> **WORKING DATA**:
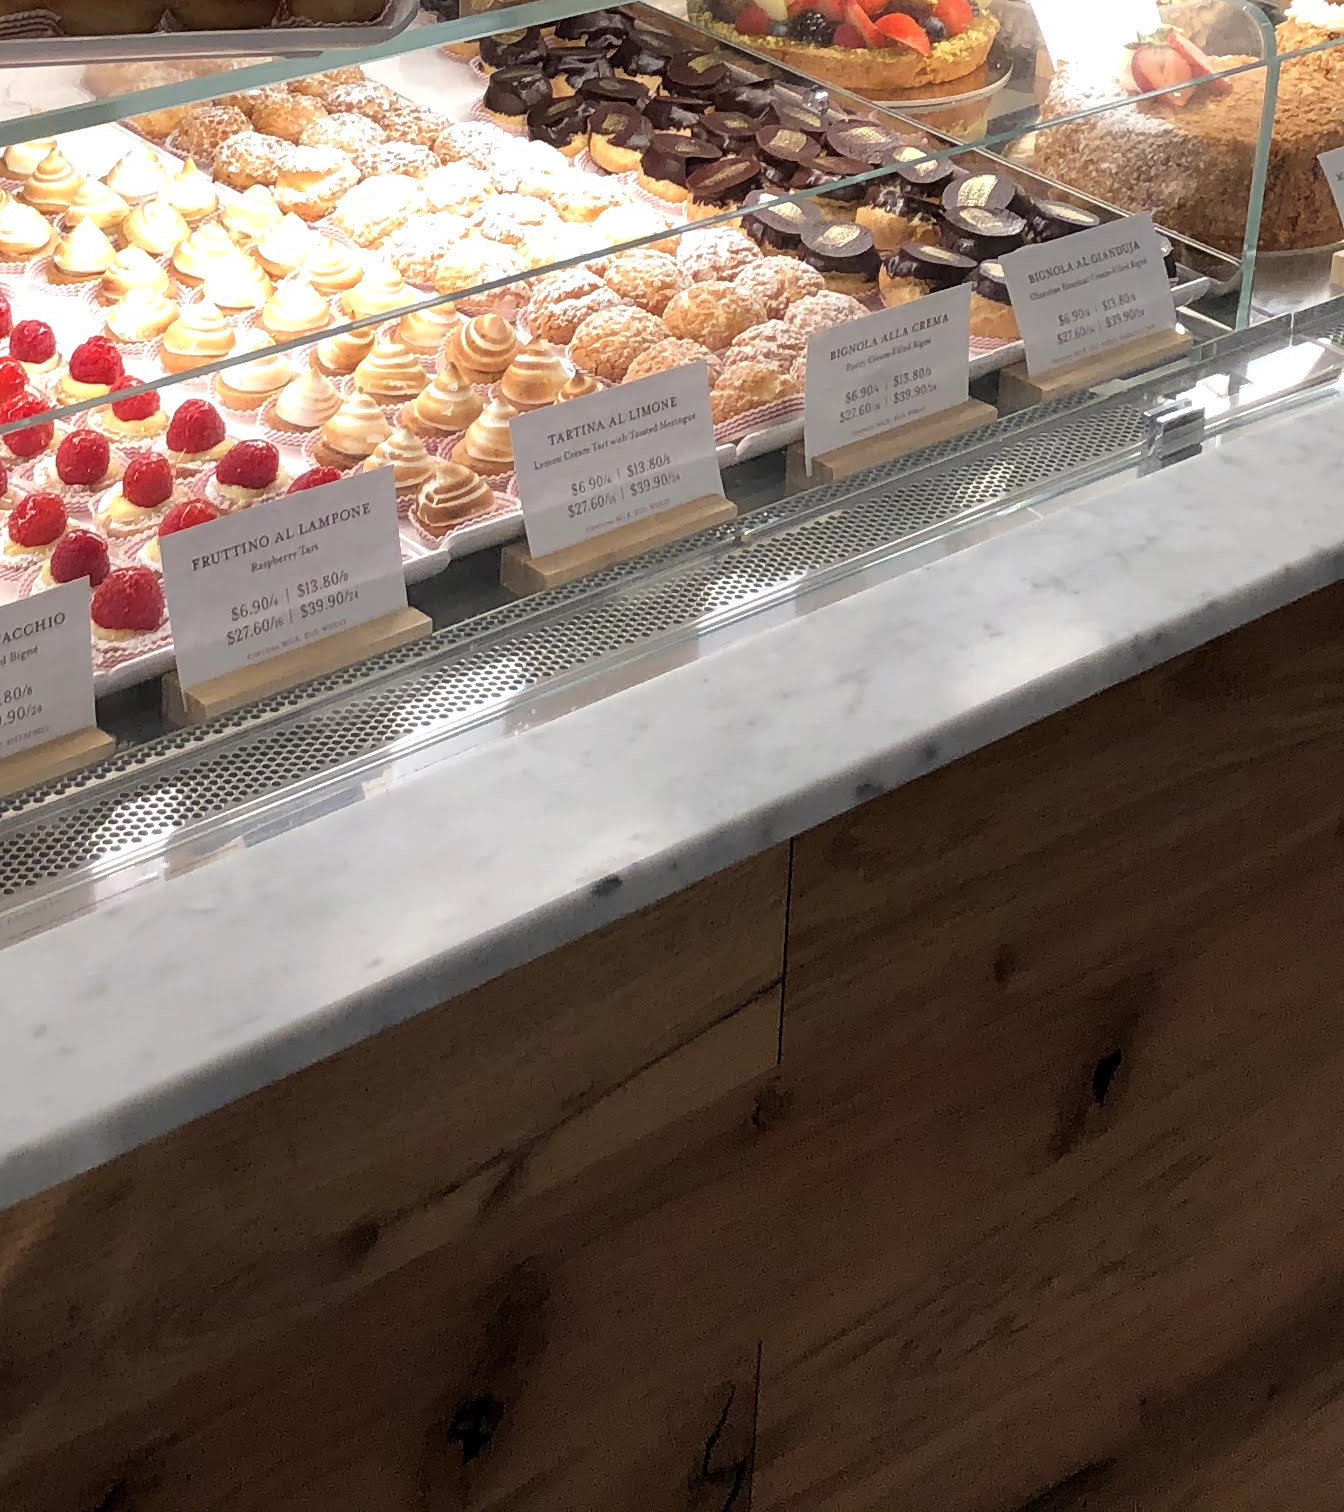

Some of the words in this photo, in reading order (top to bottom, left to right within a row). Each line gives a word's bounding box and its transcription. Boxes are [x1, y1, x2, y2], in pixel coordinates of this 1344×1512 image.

[1027, 261, 1074, 285] BIGNOLA
[1076, 256, 1090, 270] AL
[1091, 240, 1141, 264] GIANDUJA
[830, 338, 878, 361] BIGNOLA
[880, 326, 909, 344] ALLA
[911, 313, 949, 333] CREMA
[547, 419, 605, 447] TARTINA
[608, 412, 626, 428] AL
[628, 396, 678, 422] LIMONE
[534, 457, 563, 471] Lemon
[563, 446, 590, 461] Cream
[592, 440, 608, 453] Tart
[630, 424, 658, 440] Toasted
[191, 535, 270, 572] FRUTTINO
[274, 526, 295, 544] AL
[298, 502, 371, 535] LAMPONE
[250, 550, 297, 573] Raspberry
[298, 542, 319, 557] Tart
[230, 593, 279, 622] $6.90/4
[296, 569, 349, 599] $13.80/8

> **EXERCISE DESCRIPTION**: Make an exact copy of the records above, with the pictures left out.

> **OUTPUT OF THE TASK**:
Some of the words in this photo, in reading order (top to bottom, left to right within a row). Each line gives a word's bounding box and its transcription. Boxes are [x1, y1, x2, y2], in pixel coordinates of this 1344×1512 image.

[1027, 261, 1074, 285] BIGNOLA
[1076, 256, 1090, 270] AL
[1091, 240, 1141, 264] GIANDUJA
[830, 338, 878, 361] BIGNOLA
[880, 326, 909, 344] ALLA
[911, 313, 949, 333] CREMA
[547, 419, 605, 447] TARTINA
[608, 412, 626, 428] AL
[628, 396, 678, 422] LIMONE
[534, 457, 563, 471] Lemon
[563, 446, 590, 461] Cream
[592, 440, 608, 453] Tart
[630, 424, 658, 440] Toasted
[191, 535, 270, 572] FRUTTINO
[274, 526, 295, 544] AL
[298, 502, 371, 535] LAMPONE
[250, 550, 297, 573] Raspberry
[298, 542, 319, 557] Tart
[230, 593, 279, 622] $6.90/4
[296, 569, 349, 599] $13.80/8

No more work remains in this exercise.